■ Records provided:
---------------

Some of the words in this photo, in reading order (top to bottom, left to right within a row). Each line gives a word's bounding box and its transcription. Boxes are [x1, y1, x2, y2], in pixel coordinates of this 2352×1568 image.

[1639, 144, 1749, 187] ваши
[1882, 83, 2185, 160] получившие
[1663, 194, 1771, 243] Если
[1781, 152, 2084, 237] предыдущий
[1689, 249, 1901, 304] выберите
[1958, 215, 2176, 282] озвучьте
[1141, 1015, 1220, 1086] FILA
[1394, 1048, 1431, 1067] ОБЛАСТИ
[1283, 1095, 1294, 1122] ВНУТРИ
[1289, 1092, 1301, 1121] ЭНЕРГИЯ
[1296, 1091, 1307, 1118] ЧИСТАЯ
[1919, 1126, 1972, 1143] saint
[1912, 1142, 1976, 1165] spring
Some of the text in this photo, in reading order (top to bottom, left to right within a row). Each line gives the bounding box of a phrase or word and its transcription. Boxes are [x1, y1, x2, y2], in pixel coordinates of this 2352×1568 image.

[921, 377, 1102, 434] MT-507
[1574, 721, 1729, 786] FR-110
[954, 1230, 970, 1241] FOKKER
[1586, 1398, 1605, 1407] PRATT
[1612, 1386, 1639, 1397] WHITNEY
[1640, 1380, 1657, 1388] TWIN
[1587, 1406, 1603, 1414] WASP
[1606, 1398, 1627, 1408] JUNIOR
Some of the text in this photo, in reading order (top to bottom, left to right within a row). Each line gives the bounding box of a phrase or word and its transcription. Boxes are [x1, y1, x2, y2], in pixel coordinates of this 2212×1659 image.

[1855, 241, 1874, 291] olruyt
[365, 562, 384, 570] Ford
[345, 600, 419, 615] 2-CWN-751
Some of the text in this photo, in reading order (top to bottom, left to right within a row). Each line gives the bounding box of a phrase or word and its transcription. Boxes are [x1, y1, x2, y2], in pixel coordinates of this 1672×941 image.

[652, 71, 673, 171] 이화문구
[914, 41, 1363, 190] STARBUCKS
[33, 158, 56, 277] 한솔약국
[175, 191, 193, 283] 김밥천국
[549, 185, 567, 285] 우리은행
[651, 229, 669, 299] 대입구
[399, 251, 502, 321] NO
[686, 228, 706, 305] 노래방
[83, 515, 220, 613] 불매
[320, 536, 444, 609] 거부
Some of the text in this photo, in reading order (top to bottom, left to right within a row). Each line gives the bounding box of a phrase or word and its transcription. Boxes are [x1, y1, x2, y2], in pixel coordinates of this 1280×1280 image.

---------------

■ Problem to work on:
Copy out every entry exactly.

■ Solution to the exercise:
Some of the words in this photo, in reading order (top to bottom, left to right within a row). Each line gives a word's bounding box and its transcription. Boxes are [x1, y1, x2, y2], in pixel coordinates of this 2352×1568 image.

[1639, 144, 1749, 187] ваши
[1882, 83, 2185, 160] получившие
[1663, 194, 1771, 243] Если
[1781, 152, 2084, 237] предыдущий
[1689, 249, 1901, 304] выберите
[1958, 215, 2176, 282] озвучьте
[1141, 1015, 1220, 1086] FILA
[1394, 1048, 1431, 1067] ОБЛАСТИ
[1283, 1095, 1294, 1122] ВНУТРИ
[1289, 1092, 1301, 1121] ЭНЕРГИЯ
[1296, 1091, 1307, 1118] ЧИСТАЯ
[1919, 1126, 1972, 1143] saint
[1912, 1142, 1976, 1165] spring
Some of the text in this photo, in reading order (top to bottom, left to right within a row). Each line gives the bounding box of a phrase or word and its transcription. Boxes are [x1, y1, x2, y2], in pixel coordinates of this 2352×1568 image.

[921, 377, 1102, 434] MT-507
[1574, 721, 1729, 786] FR-110
[954, 1230, 970, 1241] FOKKER
[1586, 1398, 1605, 1407] PRATT
[1612, 1386, 1639, 1397] WHITNEY
[1640, 1380, 1657, 1388] TWIN
[1587, 1406, 1603, 1414] WASP
[1606, 1398, 1627, 1408] JUNIOR
Some of the text in this photo, in reading order (top to bottom, left to right within a row). Each line gives the bounding box of a phrase or word and its transcription. Boxes are [x1, y1, x2, y2], in pixel coordinates of this 2212×1659 image.

[1855, 241, 1874, 291] olruyt
[365, 562, 384, 570] Ford
[345, 600, 419, 615] 2-CWN-751
Some of the text in this photo, in reading order (top to bottom, left to right within a row). Each line gives the bounding box of a phrase or word and its transcription. Boxes are [x1, y1, x2, y2], in pixel coordinates of this 1672×941 image.

[652, 71, 673, 171] 이화문구
[914, 41, 1363, 190] STARBUCKS
[33, 158, 56, 277] 한솔약국
[175, 191, 193, 283] 김밥천국
[549, 185, 567, 285] 우리은행
[651, 229, 669, 299] 대입구
[399, 251, 502, 321] NO
[686, 228, 706, 305] 노래방
[83, 515, 220, 613] 불매
[320, 536, 444, 609] 거부
Some of the text in this photo, in reading order (top to bottom, left to right within a row). Each line gives the bounding box of a phrase or word and its transcription. Boxes are [x1, y1, x2, y2], in pixel coordinates of this 1280×1280 image.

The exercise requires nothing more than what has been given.